*TASK TO COMPLETE*:
Give the data again in its entirety, exactly as provided.

*INPUT MATERIAL*:
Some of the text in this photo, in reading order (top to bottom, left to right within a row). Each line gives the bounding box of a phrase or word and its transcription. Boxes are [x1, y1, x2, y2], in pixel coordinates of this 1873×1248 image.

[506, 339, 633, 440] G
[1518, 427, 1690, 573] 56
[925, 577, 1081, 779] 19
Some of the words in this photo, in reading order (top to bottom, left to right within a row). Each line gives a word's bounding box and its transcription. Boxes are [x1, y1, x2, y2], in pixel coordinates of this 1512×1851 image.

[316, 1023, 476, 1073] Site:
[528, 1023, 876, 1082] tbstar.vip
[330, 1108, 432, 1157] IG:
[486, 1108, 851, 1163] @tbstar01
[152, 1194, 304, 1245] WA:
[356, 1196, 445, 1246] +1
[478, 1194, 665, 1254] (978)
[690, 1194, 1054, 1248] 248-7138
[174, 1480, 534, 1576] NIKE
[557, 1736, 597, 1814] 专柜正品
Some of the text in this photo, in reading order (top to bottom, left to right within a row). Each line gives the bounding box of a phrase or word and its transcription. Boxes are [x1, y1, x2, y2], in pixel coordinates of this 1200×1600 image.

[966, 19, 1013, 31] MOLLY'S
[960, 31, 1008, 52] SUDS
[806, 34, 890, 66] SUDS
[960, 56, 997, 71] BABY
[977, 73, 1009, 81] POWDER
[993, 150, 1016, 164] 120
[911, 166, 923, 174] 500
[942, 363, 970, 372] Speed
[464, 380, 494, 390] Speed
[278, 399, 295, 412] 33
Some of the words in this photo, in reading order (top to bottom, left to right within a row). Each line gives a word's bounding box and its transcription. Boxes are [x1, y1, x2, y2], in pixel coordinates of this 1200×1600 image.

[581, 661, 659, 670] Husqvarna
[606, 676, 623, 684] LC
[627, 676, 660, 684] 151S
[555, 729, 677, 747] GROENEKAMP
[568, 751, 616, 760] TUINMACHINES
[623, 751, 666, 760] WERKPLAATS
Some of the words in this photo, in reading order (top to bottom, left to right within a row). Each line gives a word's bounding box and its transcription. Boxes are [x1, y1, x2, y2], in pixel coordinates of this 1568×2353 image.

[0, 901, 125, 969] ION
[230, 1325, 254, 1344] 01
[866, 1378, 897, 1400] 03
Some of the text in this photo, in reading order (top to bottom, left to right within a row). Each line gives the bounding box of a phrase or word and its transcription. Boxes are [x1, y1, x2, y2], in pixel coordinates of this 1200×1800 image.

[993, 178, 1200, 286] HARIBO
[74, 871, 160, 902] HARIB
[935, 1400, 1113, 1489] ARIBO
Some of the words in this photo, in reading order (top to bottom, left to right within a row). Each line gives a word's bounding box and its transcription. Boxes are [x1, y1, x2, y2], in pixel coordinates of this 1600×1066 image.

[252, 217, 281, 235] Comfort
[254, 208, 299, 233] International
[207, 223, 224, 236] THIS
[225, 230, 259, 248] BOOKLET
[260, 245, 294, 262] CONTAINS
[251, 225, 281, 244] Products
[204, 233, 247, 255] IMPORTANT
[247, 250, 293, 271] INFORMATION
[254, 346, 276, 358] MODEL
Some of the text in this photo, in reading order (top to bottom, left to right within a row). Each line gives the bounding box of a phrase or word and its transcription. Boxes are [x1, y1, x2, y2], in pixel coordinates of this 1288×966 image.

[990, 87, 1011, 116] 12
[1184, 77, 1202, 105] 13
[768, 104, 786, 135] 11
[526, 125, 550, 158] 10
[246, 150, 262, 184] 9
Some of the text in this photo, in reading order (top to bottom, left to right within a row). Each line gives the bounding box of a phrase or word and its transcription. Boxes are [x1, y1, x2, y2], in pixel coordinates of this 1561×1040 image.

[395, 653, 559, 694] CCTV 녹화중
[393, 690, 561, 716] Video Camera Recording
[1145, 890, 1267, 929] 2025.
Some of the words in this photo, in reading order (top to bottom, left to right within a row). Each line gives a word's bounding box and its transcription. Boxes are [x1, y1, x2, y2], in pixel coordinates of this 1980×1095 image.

*YOUR RESPONSE*:
Some of the text in this photo, in reading order (top to bottom, left to right within a row). Each line gives the bounding box of a phrase or word and its transcription. Boxes are [x1, y1, x2, y2], in pixel coordinates of this 1873×1248 image.

[506, 339, 633, 440] G
[1518, 427, 1690, 573] 56
[925, 577, 1081, 779] 19
Some of the words in this photo, in reading order (top to bottom, left to right within a row). Each line gives a word's bounding box and its transcription. Boxes are [x1, y1, x2, y2], in pixel coordinates of this 1512×1851 image.

[316, 1023, 476, 1073] Site:
[528, 1023, 876, 1082] tbstar.vip
[330, 1108, 432, 1157] IG:
[486, 1108, 851, 1163] @tbstar01
[152, 1194, 304, 1245] WA:
[356, 1196, 445, 1246] +1
[478, 1194, 665, 1254] (978)
[690, 1194, 1054, 1248] 248-7138
[174, 1480, 534, 1576] NIKE
[557, 1736, 597, 1814] 专柜正品
Some of the text in this photo, in reading order (top to bottom, left to right within a row). Each line gives the bounding box of a phrase or word and its transcription. Boxes are [x1, y1, x2, y2], in pixel coordinates of this 1200×1600 image.

[966, 19, 1013, 31] MOLLY'S
[960, 31, 1008, 52] SUDS
[806, 34, 890, 66] SUDS
[960, 56, 997, 71] BABY
[977, 73, 1009, 81] POWDER
[993, 150, 1016, 164] 120
[911, 166, 923, 174] 500
[942, 363, 970, 372] Speed
[464, 380, 494, 390] Speed
[278, 399, 295, 412] 33
Some of the words in this photo, in reading order (top to bottom, left to right within a row). Each line gives a word's bounding box and its transcription. Boxes are [x1, y1, x2, y2], in pixel coordinates of this 1200×1600 image.

[581, 661, 659, 670] Husqvarna
[606, 676, 623, 684] LC
[627, 676, 660, 684] 151S
[555, 729, 677, 747] GROENEKAMP
[568, 751, 616, 760] TUINMACHINES
[623, 751, 666, 760] WERKPLAATS
Some of the words in this photo, in reading order (top to bottom, left to right within a row). Each line gives a word's bounding box and its transcription. Boxes are [x1, y1, x2, y2], in pixel coordinates of this 1568×2353 image.

[0, 901, 125, 969] ION
[230, 1325, 254, 1344] 01
[866, 1378, 897, 1400] 03
Some of the text in this photo, in reading order (top to bottom, left to right within a row). Each line gives the bounding box of a phrase or word and its transcription. Boxes are [x1, y1, x2, y2], in pixel coordinates of this 1200×1800 image.

[993, 178, 1200, 286] HARIBO
[74, 871, 160, 902] HARIB
[935, 1400, 1113, 1489] ARIBO
Some of the words in this photo, in reading order (top to bottom, left to right within a row). Each line gives a word's bounding box and its transcription. Boxes are [x1, y1, x2, y2], in pixel coordinates of this 1600×1066 image.

[252, 217, 281, 235] Comfort
[254, 208, 299, 233] International
[207, 223, 224, 236] THIS
[225, 230, 259, 248] BOOKLET
[260, 245, 294, 262] CONTAINS
[251, 225, 281, 244] Products
[204, 233, 247, 255] IMPORTANT
[247, 250, 293, 271] INFORMATION
[254, 346, 276, 358] MODEL
Some of the text in this photo, in reading order (top to bottom, left to right within a row). Each line gives the bounding box of a phrase or word and its transcription. Boxes are [x1, y1, x2, y2], in pixel coordinates of this 1288×966 image.

[990, 87, 1011, 116] 12
[1184, 77, 1202, 105] 13
[768, 104, 786, 135] 11
[526, 125, 550, 158] 10
[246, 150, 262, 184] 9
Some of the text in this photo, in reading order (top to bottom, left to right within a row). Each line gives the bounding box of a phrase or word and its transcription. Boxes are [x1, y1, x2, y2], in pixel coordinates of this 1561×1040 image.

[395, 653, 559, 694] CCTV 녹화중
[393, 690, 561, 716] Video Camera Recording
[1145, 890, 1267, 929] 2025.
Some of the words in this photo, in reading order (top to bottom, left to right within a row). Each line gives a word's bounding box and its transcription. Boxes are [x1, y1, x2, y2], in pixel coordinates of this 1980×1095 image.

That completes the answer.